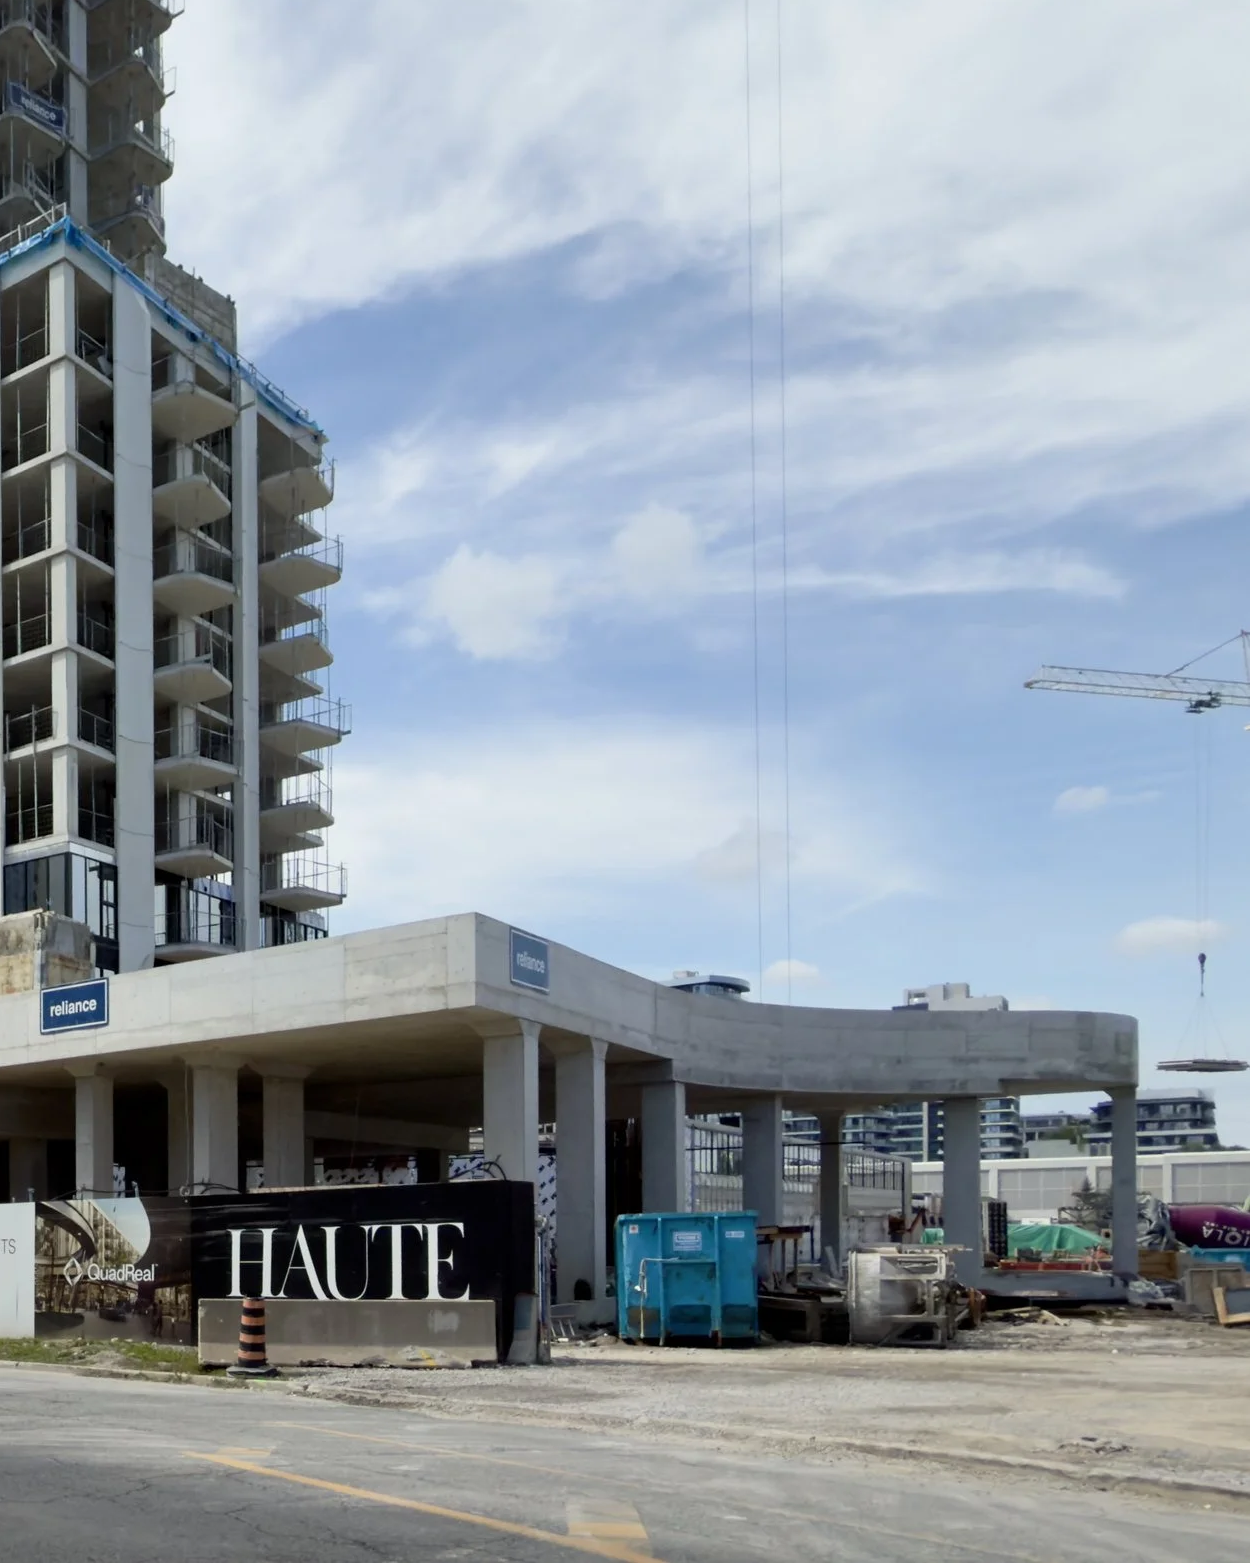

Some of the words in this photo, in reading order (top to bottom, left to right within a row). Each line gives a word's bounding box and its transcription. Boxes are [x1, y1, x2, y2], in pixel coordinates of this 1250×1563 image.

[21, 96, 56, 121] reliance
[516, 951, 545, 974] reliance
[50, 999, 97, 1017] reliance
[87, 1262, 155, 1282] QuadReal
[226, 1222, 470, 1301] HAUTE
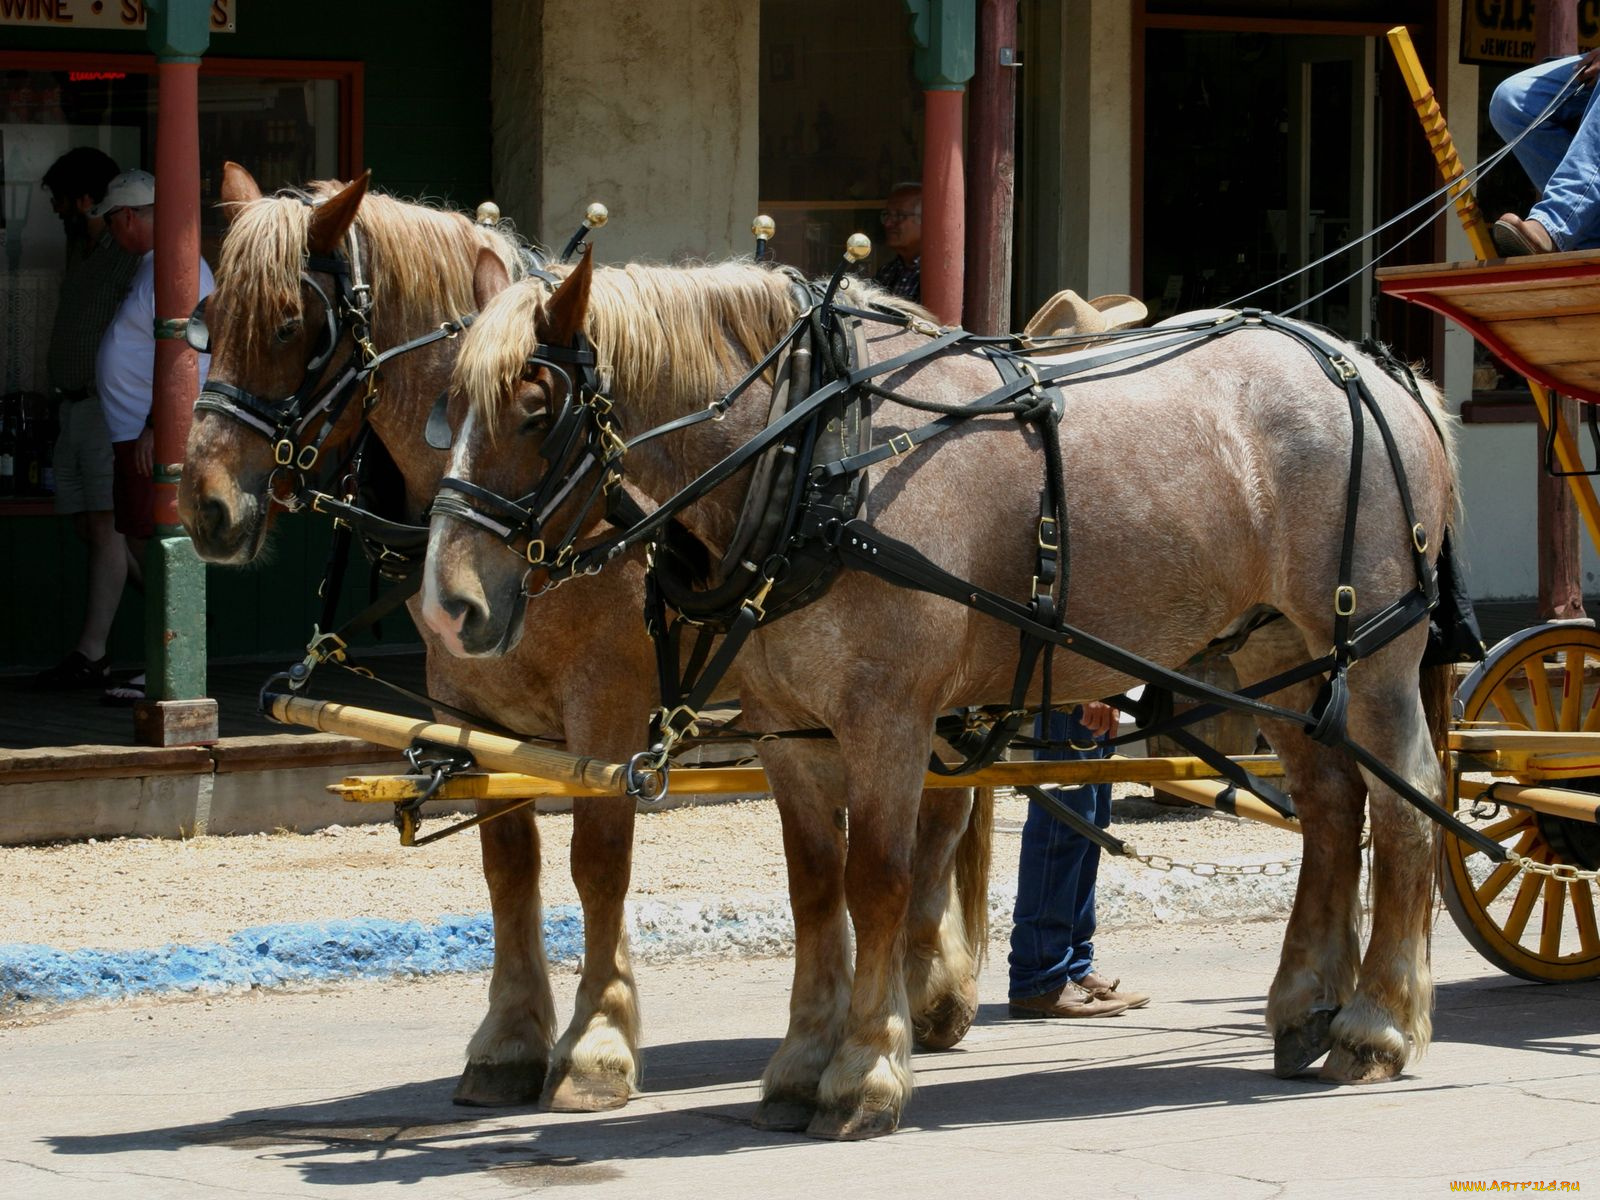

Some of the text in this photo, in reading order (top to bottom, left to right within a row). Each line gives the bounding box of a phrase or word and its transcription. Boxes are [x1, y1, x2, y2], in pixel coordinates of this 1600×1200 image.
***
Problem description: Write out every entry above exactly, minus the pictures.

Solution for this exercise:
Some of the words in this photo, in reading order (top to bottom, left to right within a row). Each line gives a word's bounding box and its transcription. Boxes are [x1, y1, x2, y2], in pixel coordinates of this 1250×1563 image.

[21, 96, 56, 121] reliance
[516, 951, 545, 974] reliance
[50, 999, 97, 1017] reliance
[87, 1262, 155, 1282] QuadReal
[226, 1222, 470, 1301] HAUTE

Some of the text in this photo, in reading order (top to bottom, left to right within a row). Each line gives the bounding box of a phrase or word and its transcription. Boxes are [x1, y1, x2, y2], in pixel coordinates of this 1600×1200 image.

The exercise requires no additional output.